**Records shown:**

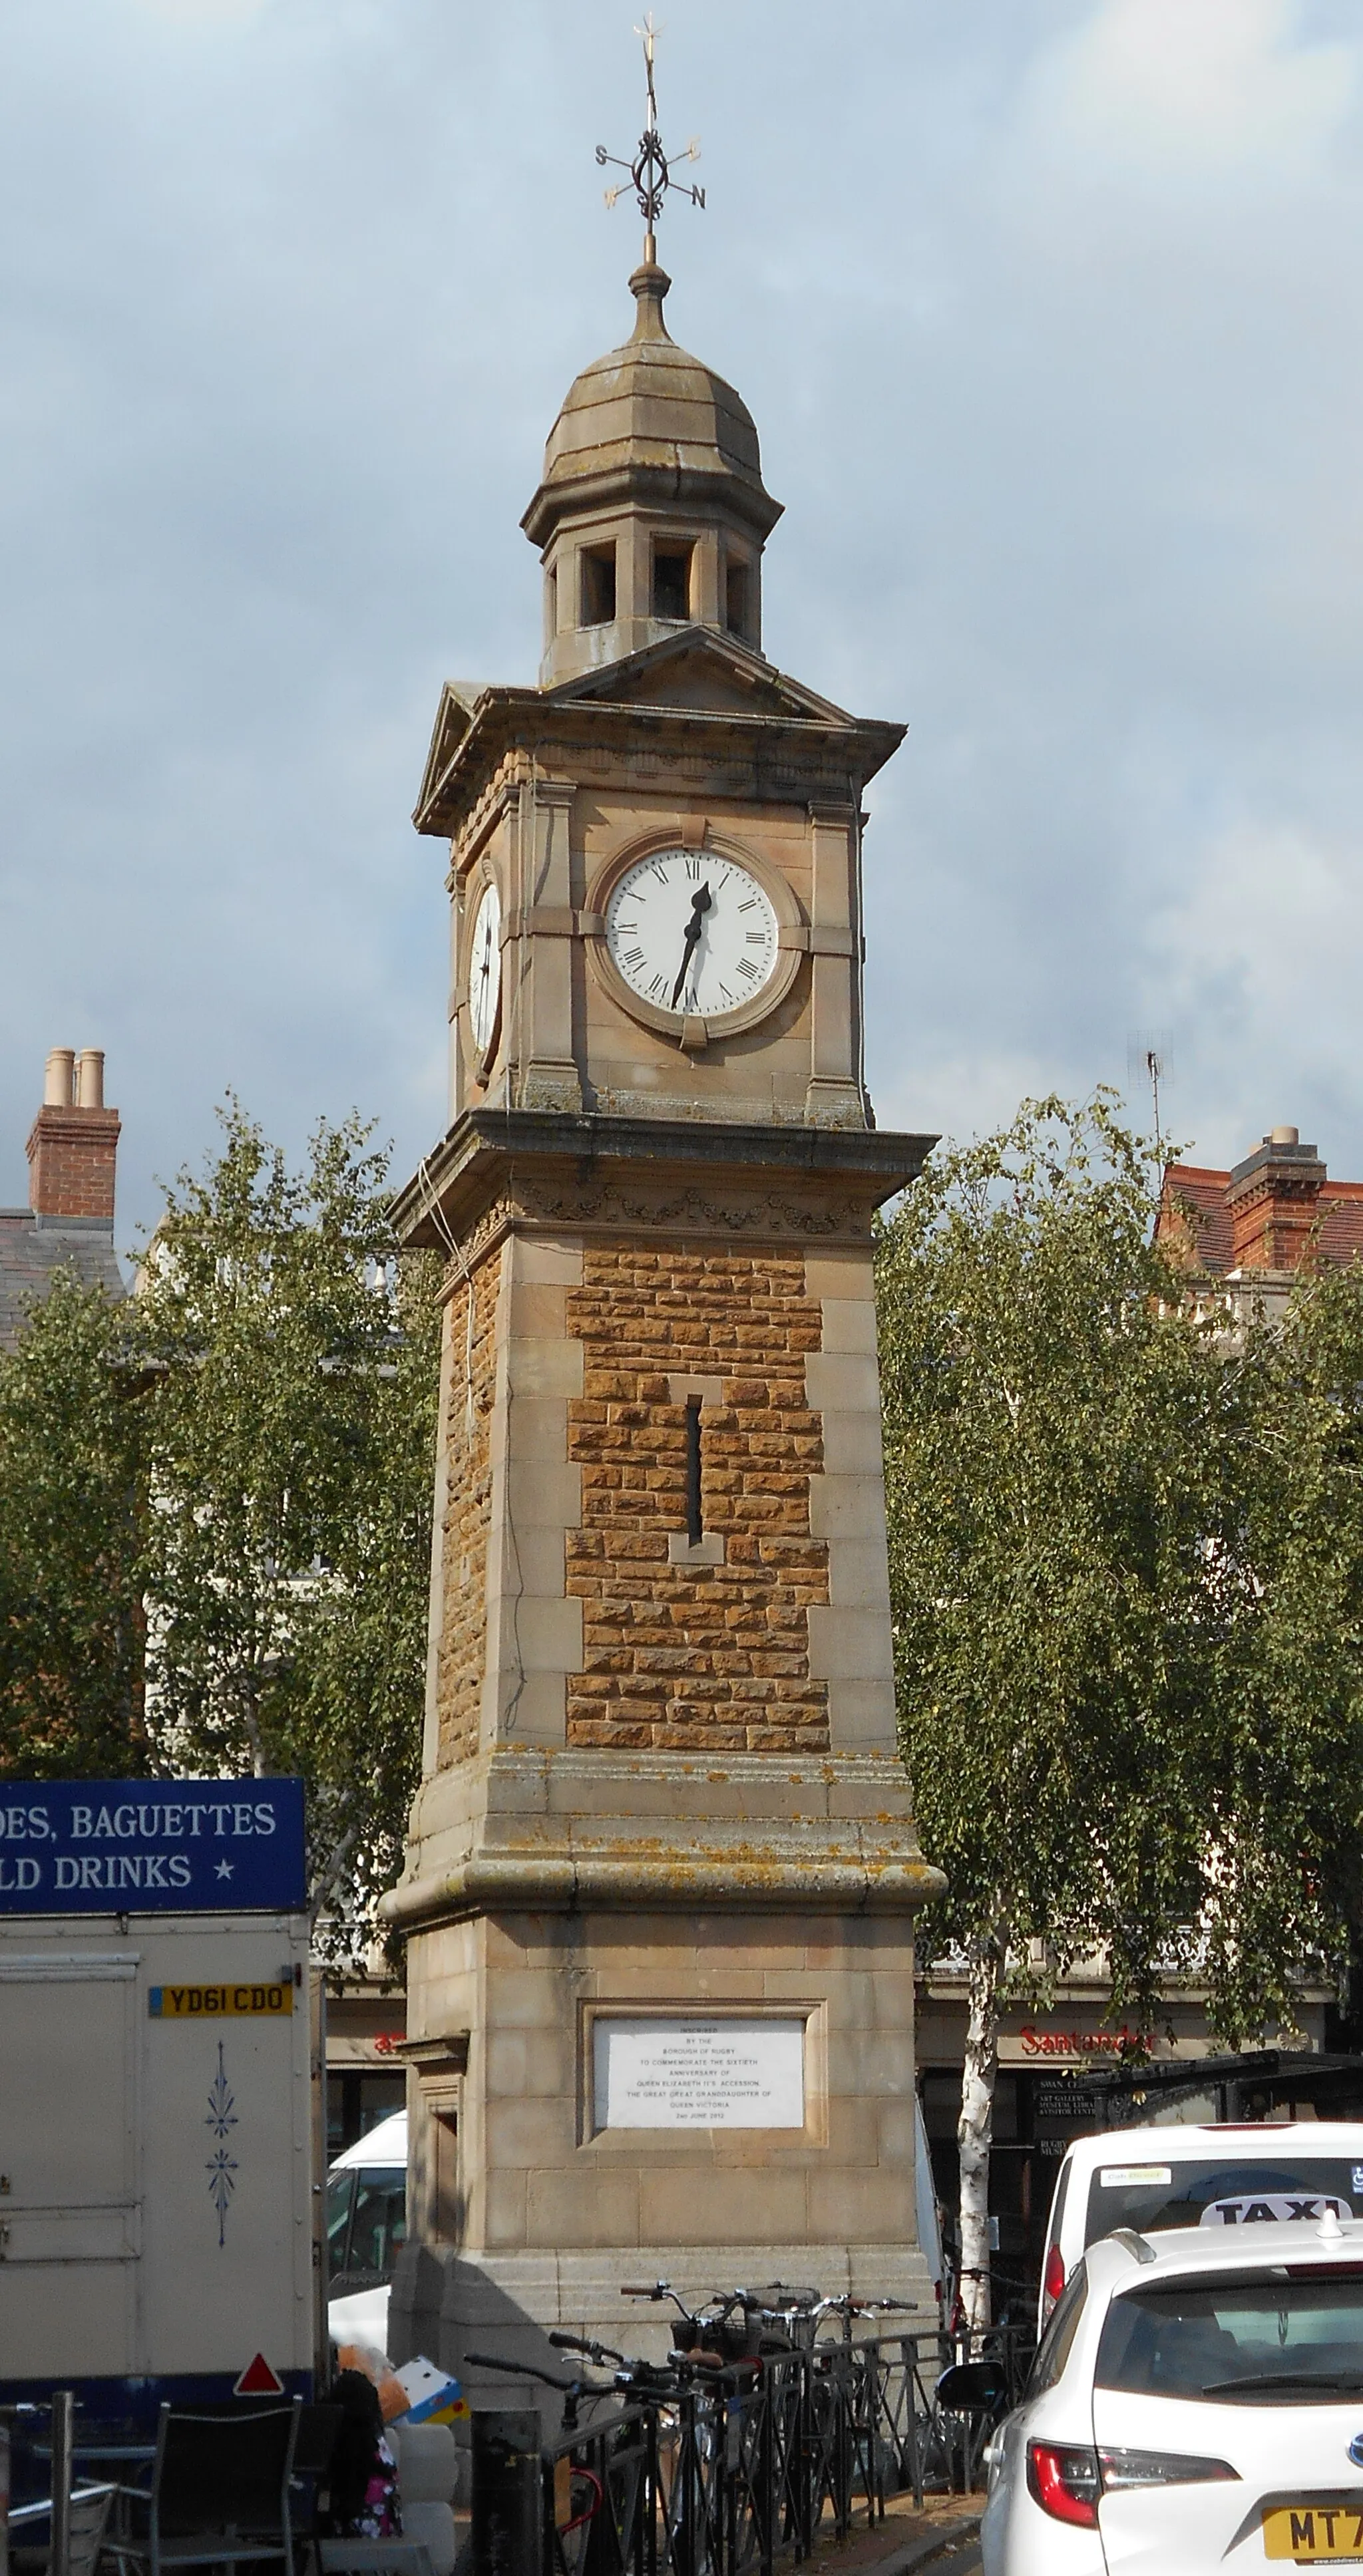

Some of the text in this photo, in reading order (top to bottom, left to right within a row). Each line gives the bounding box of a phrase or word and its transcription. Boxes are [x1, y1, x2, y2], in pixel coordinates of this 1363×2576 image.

[596, 145, 607, 166] S
[692, 184, 705, 210] N
[651, 865, 670, 886] XI
[685, 860, 699, 881] XII
[719, 872, 730, 889] I
[627, 890, 646, 904] X
[737, 899, 757, 913] II
[617, 922, 638, 935] IX
[745, 931, 765, 944] III
[623, 947, 648, 974] VIII
[735, 957, 759, 980] IIII
[648, 973, 670, 999] VII
[719, 982, 733, 1002] V
[685, 987, 699, 1007] VI
[0, 1804, 276, 1843] ES, BAGUETTES
[53, 1855, 191, 1889] DRINKS
[170, 1987, 283, 2012] YD61 CDO
[1216, 2200, 1340, 2225] TAXI
[1290, 2511, 1363, 2550] MT7

**About this exercise:** Produce the entries again, word for word, without any of their pictures.

**Task output:**
Some of the text in this photo, in reading order (top to bottom, left to right within a row). Each line gives the bounding box of a phrase or word and its transcription. Boxes are [x1, y1, x2, y2], in pixel coordinates of this 1363×2576 image.

[596, 145, 607, 166] S
[692, 184, 705, 210] N
[651, 865, 670, 886] XI
[685, 860, 699, 881] XII
[719, 872, 730, 889] I
[627, 890, 646, 904] X
[737, 899, 757, 913] II
[617, 922, 638, 935] IX
[745, 931, 765, 944] III
[623, 947, 648, 974] VIII
[735, 957, 759, 980] IIII
[648, 973, 670, 999] VII
[719, 982, 733, 1002] V
[685, 987, 699, 1007] VI
[0, 1804, 276, 1843] ES, BAGUETTES
[53, 1855, 191, 1889] DRINKS
[170, 1987, 283, 2012] YD61 CDO
[1216, 2200, 1340, 2225] TAXI
[1290, 2511, 1363, 2550] MT7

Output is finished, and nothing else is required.